● Directions for this task
Would you reproduce each line below exactly, leaving every picture out?

● Input records
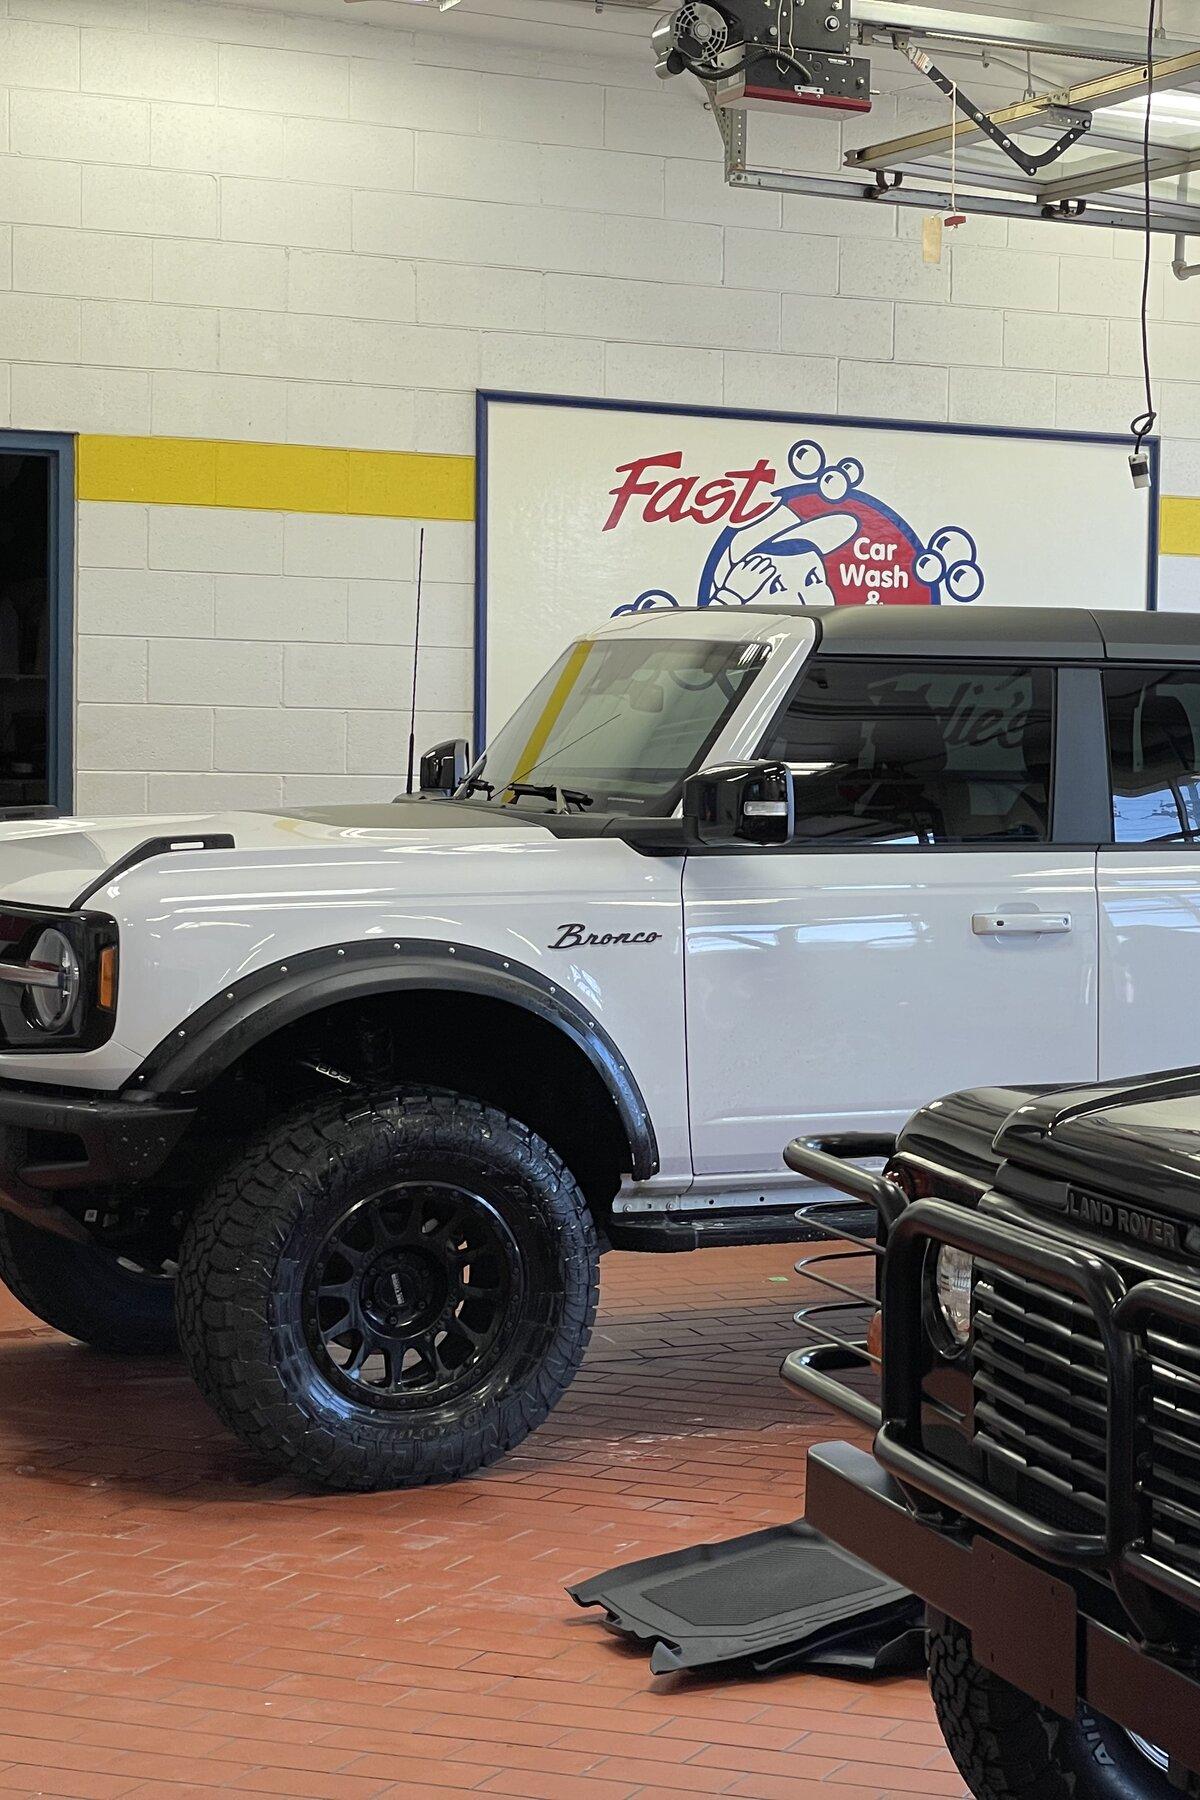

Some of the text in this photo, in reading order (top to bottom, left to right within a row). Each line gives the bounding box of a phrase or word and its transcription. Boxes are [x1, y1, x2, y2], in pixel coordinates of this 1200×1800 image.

[602, 451, 776, 532] Fast
[853, 536, 898, 561] Car
[839, 563, 909, 589] Wash
[547, 923, 663, 949] Bronco
[1069, 1192, 1176, 1248] LAND ROVER
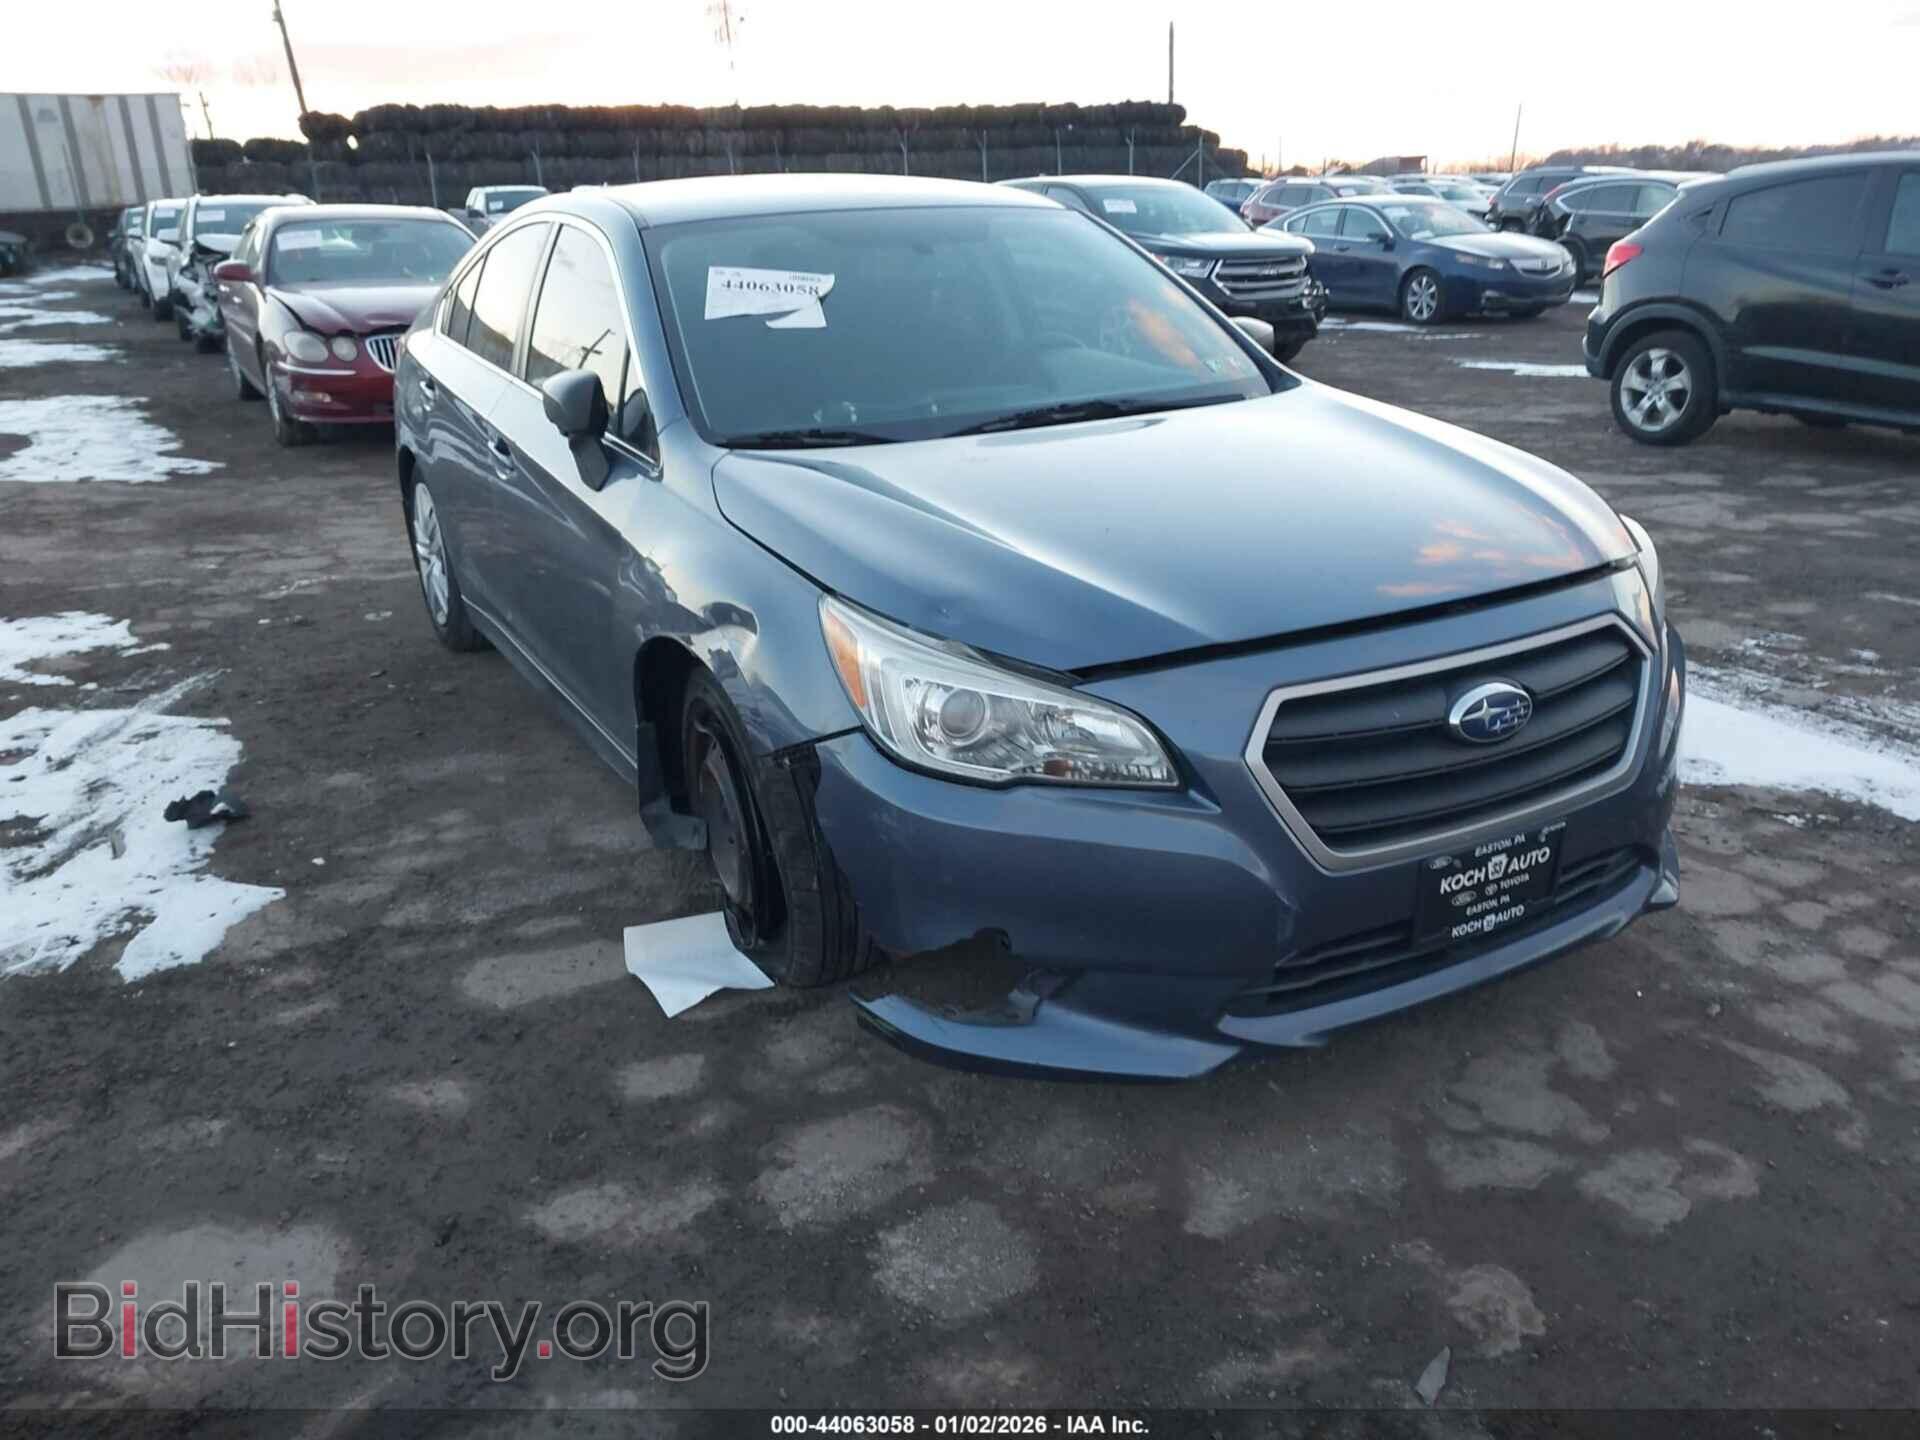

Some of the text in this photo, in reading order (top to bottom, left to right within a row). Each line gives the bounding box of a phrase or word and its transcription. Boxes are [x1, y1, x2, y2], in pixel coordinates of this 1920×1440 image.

● Solved problem
Some of the text in this photo, in reading order (top to bottom, left to right within a row). Each line gives the bounding box of a phrase or word and its transcription. Boxes are [x1, y1, x2, y2], in pixel coordinates of this 1200×1800 image.

[602, 451, 776, 532] Fast
[853, 536, 898, 561] Car
[839, 563, 909, 589] Wash
[547, 923, 663, 949] Bronco
[1069, 1192, 1176, 1248] LAND ROVER

Some of the text in this photo, in reading order (top to bottom, left to right within a row). Each line gives the bounding box of a phrase or word and its transcription. Boxes are [x1, y1, x2, y2], in pixel coordinates of this 1920×1440 image.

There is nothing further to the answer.